Public deception is a common theme in popular cinema.

Many movies on this topic initially flirt with a cruel sense of humour, eliciting our sympathy for slick con artists as they trump the world's suckers. Yet, unfailingly, they start back-pedalling furiously about half way through, in order to arrive at reassuring displays of noble sentiment.

The Distinguished Gentleman is, within its own terms, a satisfying entertainment of this type. As a formulaic vehicle for star Eddie Murphy, it shows off his usual quick-change mimicry, and his penchant for jibes at the expense of oppressed social groups.

Also, and curiously for a guy who likes to talk dirty so often, it is an utterly chaste film – as if the prospect of actual sexual relations would blow Eddie's immaculate cool completely.

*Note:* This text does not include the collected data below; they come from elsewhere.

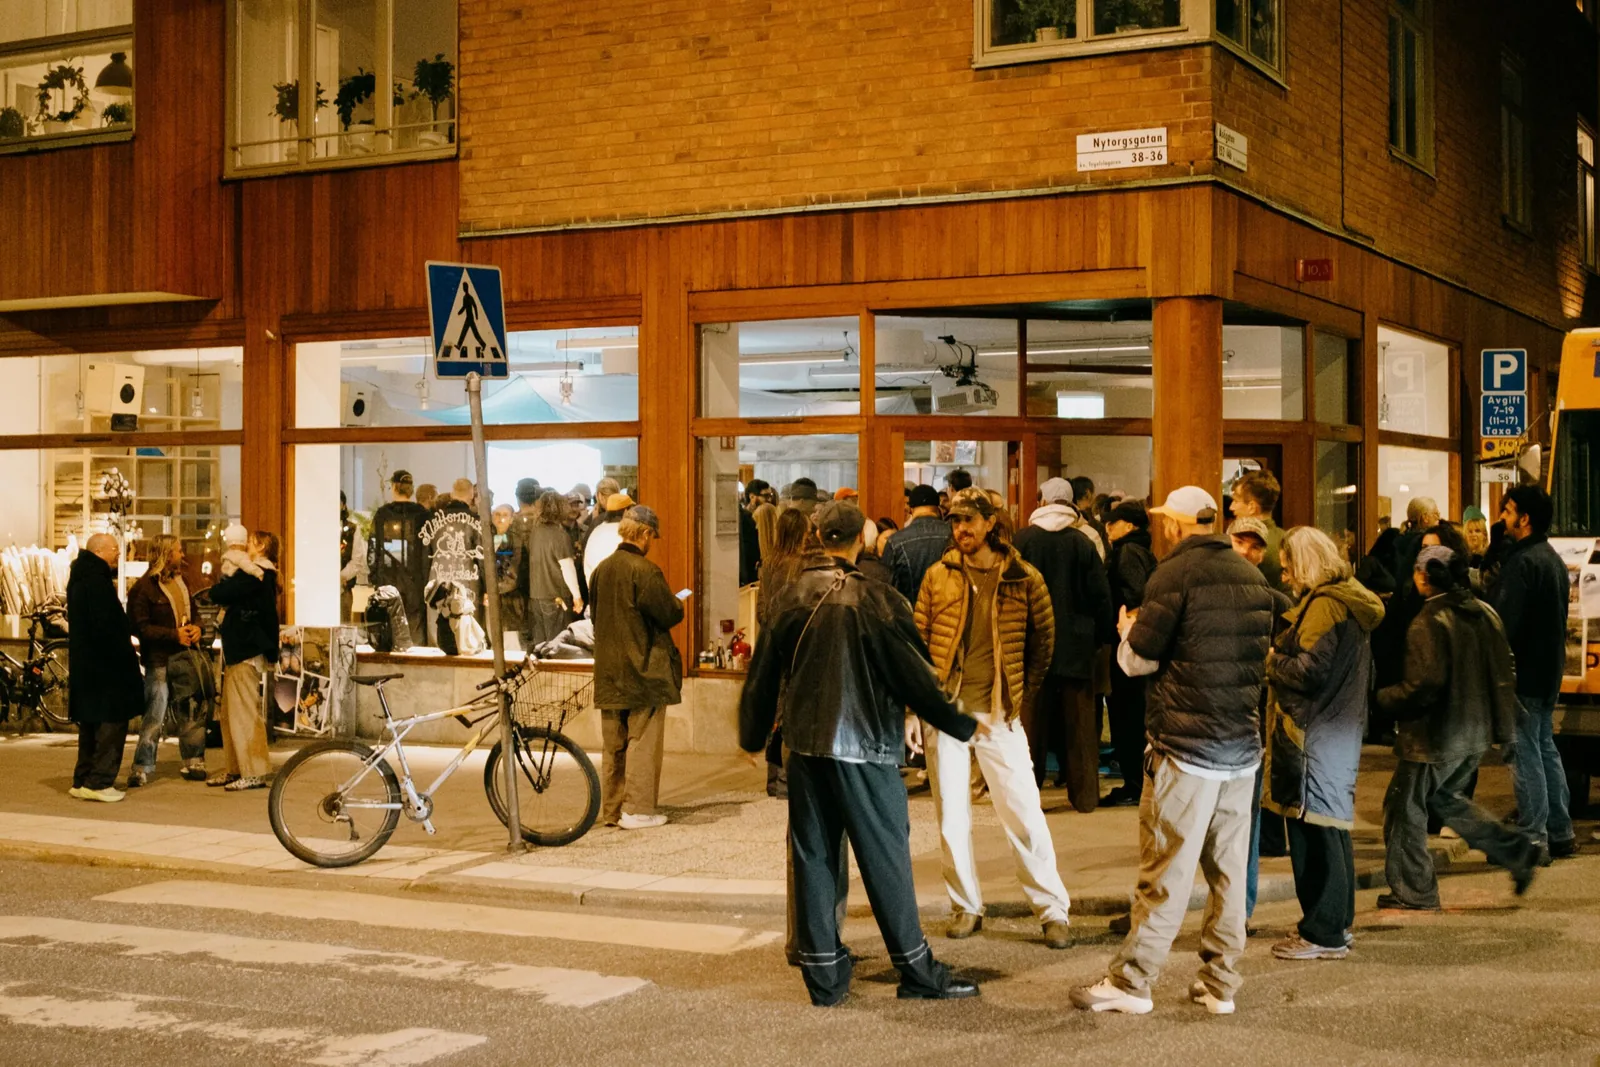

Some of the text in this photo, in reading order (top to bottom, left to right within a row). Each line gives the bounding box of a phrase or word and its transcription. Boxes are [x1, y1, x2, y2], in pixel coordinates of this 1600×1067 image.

[1093, 135, 1163, 151] Nytorgsgatan
[1131, 150, 1163, 163] 38-36
[1493, 353, 1519, 389] P
[1487, 396, 1521, 406] Avgift
[1493, 406, 1515, 415] 7-19
[1489, 416, 1519, 426] (11-17)
[1485, 426, 1522, 435] Taxa 3
[431, 562, 480, 583] Verkstad
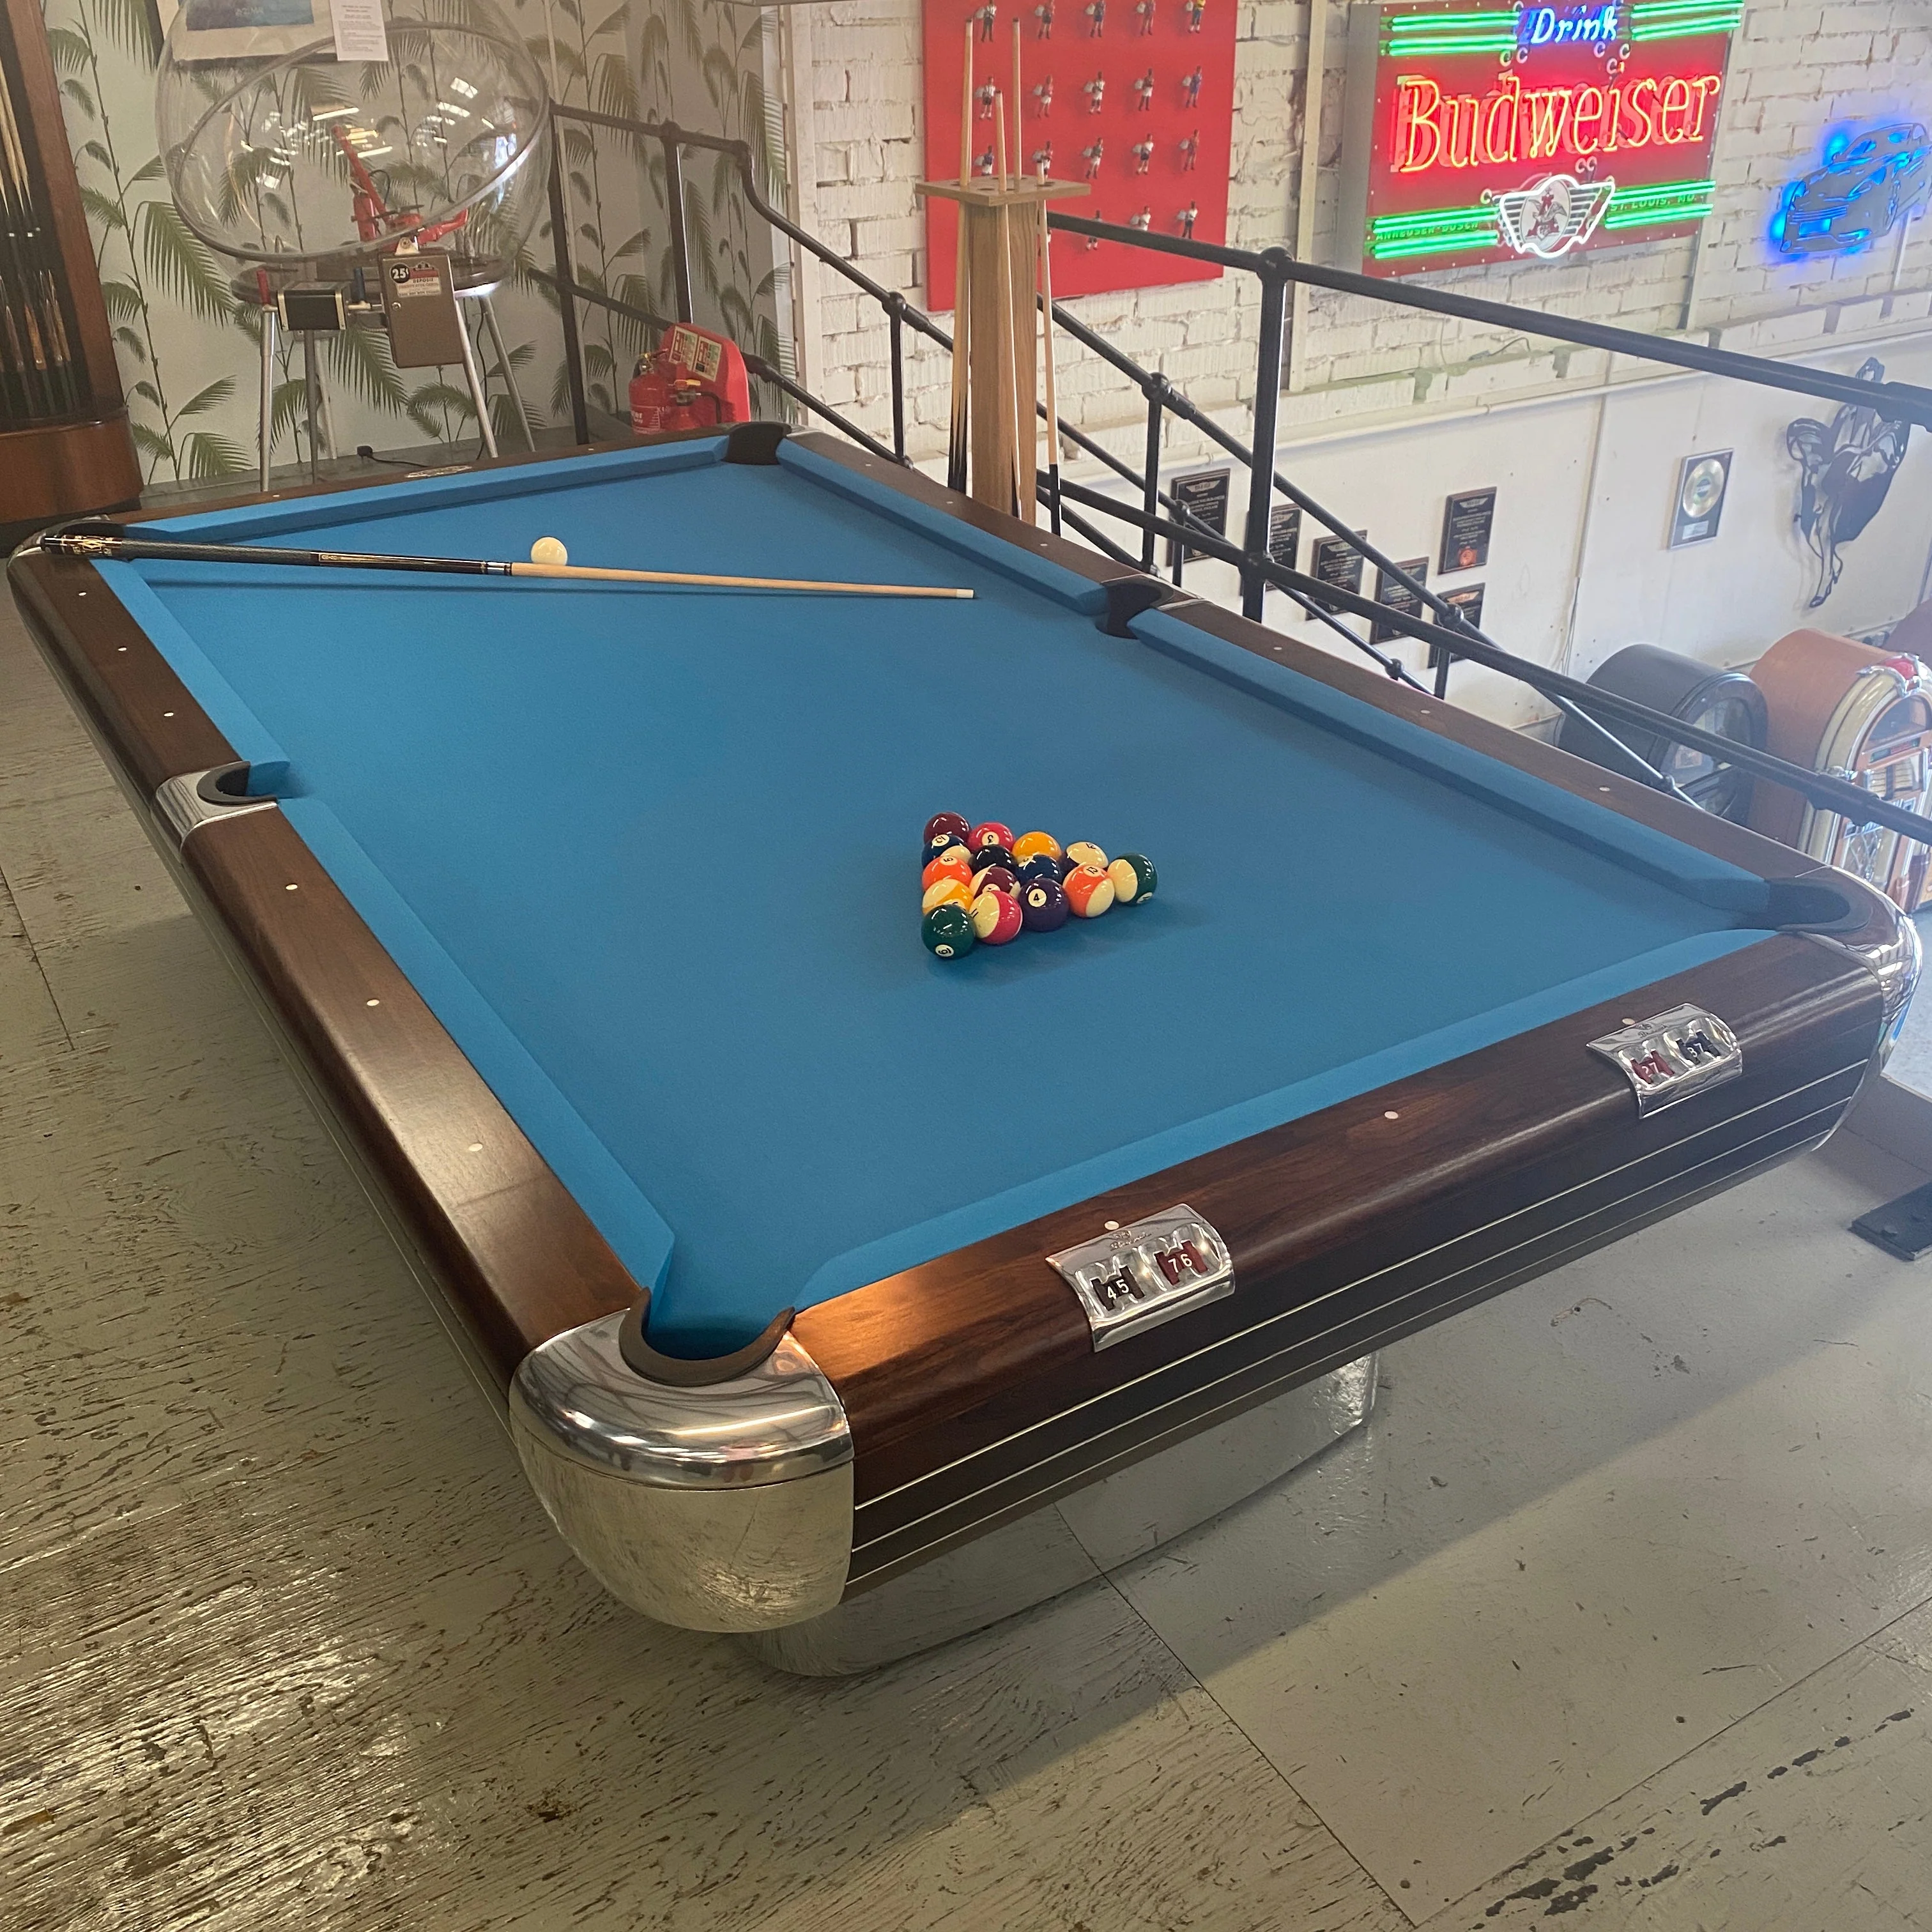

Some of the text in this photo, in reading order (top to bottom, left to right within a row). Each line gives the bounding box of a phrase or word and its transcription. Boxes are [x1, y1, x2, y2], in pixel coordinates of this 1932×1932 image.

[1526, 5, 1618, 44] Drink
[1392, 73, 1720, 172] Budweiser
[986, 834, 993, 844] 3
[1641, 1061, 1659, 1078] 27
[1167, 1253, 1193, 1273] 76
[1107, 1278, 1130, 1300] 45

However, as a modern version of Capra's Mr Smith Goes to Washington (1939), this comedy is quite captivating. Murphy plays a con man who is elected into Congress purely on the basis of the average voter's stupidity, with the sole aim of making easy money. By exploiting his politically correct status as the token black man, he wheedles his way onto the lucrative Power and Industry committee.

Eventually, of course, both he and the movie develop a social conscience, and end up fighting the cause of the common people. This is quite a somersault considering that Murphy milks his biggest and most wicked laughs from outsmarting every slow-witted hick in the universe.

But The Distinguished Gentleman pulls off this reversal with a con man's feel-good smile.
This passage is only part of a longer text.